Docherty was standing within a designated ‘buffer zone’. She was not harassing anyone, impeding access to the clinic, or engaging in any conduct that could reasonably be described as threatening or coercive.
She was offering conversation, on a voluntary basis, to anyone who chose to accept it. For that, she was arrested.
The court's decision to dismiss the charges is a win for freedom of speech and the peaceful expression of views.
It affirms the basic principle that the state cannot criminalise a person simply for being present and willing to speak.
Buffer zones raise serious questions under the law. Their stated purpose is to protect people accessing abortion from harassment or intimidation.
That is a legitimate goal. But the legal test that matters is proportionality: whether the restriction goes further than is necessary to achieve that purpose.
A law that captures a 74-year-old offering to talk, and subjects her to arrest for doing so, has plainly failed that test.
The relevance to Australia is direct.
We covered Docherty's case when she was first arrested, pointing out that Australian jurisdictions operate under similar laws.
When the High Court upheld Victoria's buffer zone legislation in 2019, ruling against Kathy Clubb and Graham Preston, it accepted that such restrictions could be valid.

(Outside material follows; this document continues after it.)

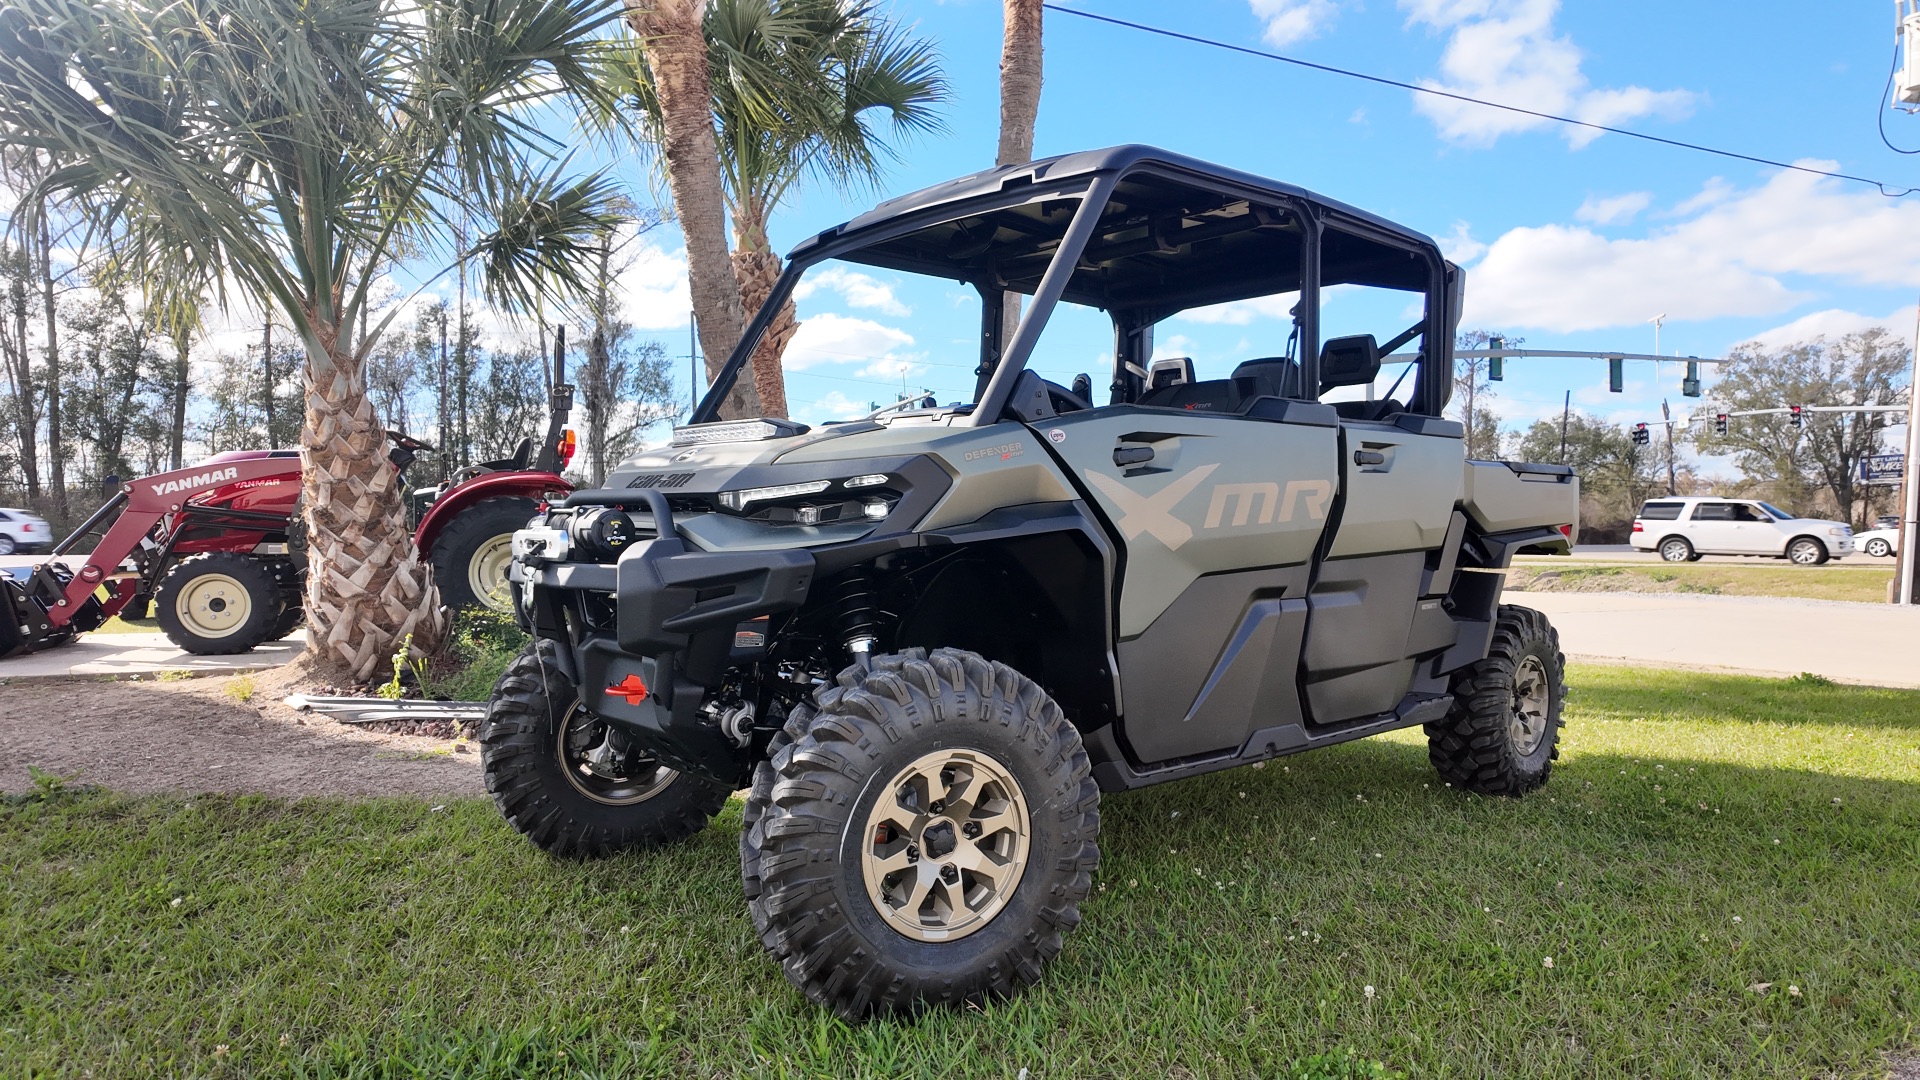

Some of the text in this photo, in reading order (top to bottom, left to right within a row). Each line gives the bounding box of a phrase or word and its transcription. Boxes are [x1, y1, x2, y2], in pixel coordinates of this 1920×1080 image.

[964, 443, 1023, 461] DEFENDER
[151, 467, 238, 496] YANMAR
[234, 479, 280, 488] YANMAR

But as the Docherty case illustrates, the validity of a buffer zone scheme in principle does not resolve the question of how far its application may lawfully extend.
Australian courts have already grappled with this tension, and the risk of overreach remains real.
The lesson from Scotland is that courts can and should hold the line. Laws designed to prevent intimidation must not become instruments to silence lawful, peaceful expression.
The right to speak, and to offer to speak, is not forfeit simply because the state has drawn a zone on a map.
HRLA continues to monitor the application of buffer zone laws in Australia, and to advocate for legal frameworks that respect the law while allowing for the fundamental right to express a view.
Let’s be thankful that, in this instance, common sense prevailed.